Exercise objective » Print all of the data exactly, but drop the pictures.

══ Provided material

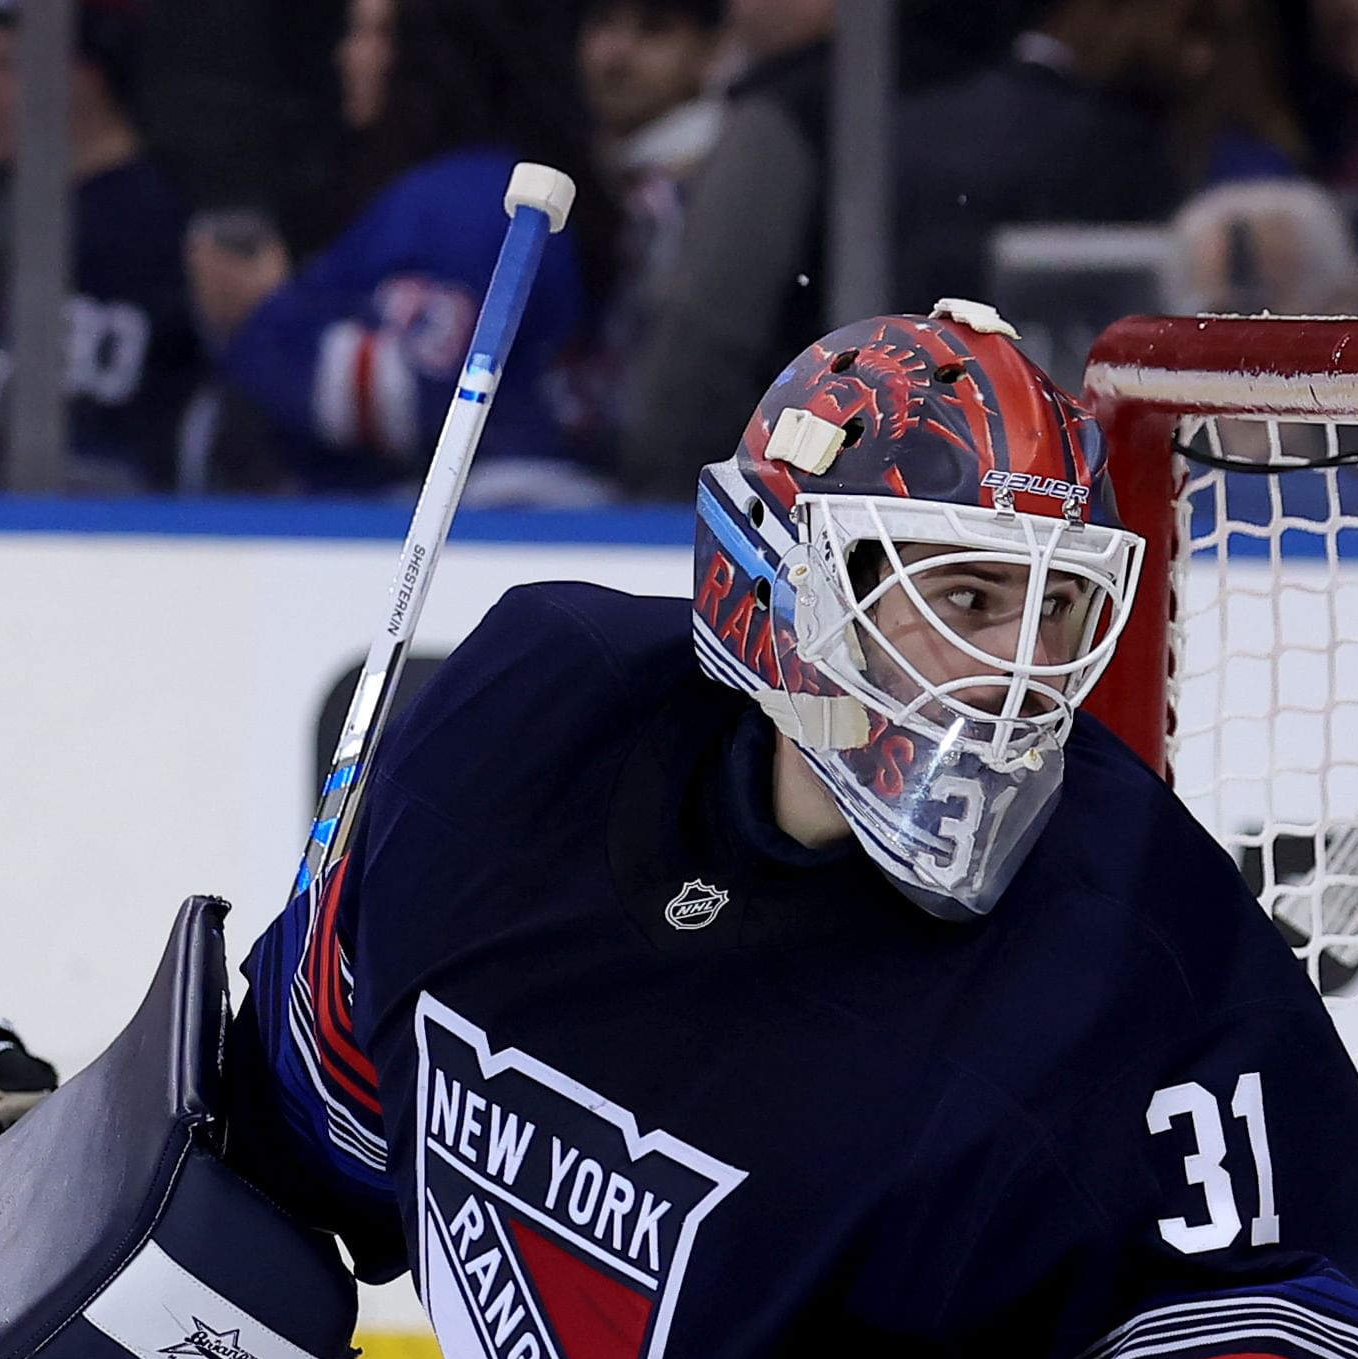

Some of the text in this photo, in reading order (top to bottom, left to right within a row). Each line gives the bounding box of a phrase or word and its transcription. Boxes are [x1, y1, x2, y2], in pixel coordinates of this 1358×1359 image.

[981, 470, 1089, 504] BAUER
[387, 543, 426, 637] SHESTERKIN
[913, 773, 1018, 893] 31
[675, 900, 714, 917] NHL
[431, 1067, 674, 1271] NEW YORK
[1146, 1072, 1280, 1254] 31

════

Task solution »
Some of the text in this photo, in reading order (top to bottom, left to right within a row). Each line gives the bounding box of a phrase or word and its transcription. Boxes are [x1, y1, x2, y2], in pixel coordinates of this 1358×1359 image.

[981, 470, 1089, 504] BAUER
[387, 543, 426, 637] SHESTERKIN
[913, 773, 1018, 893] 31
[675, 900, 714, 917] NHL
[431, 1067, 674, 1271] NEW YORK
[1146, 1072, 1280, 1254] 31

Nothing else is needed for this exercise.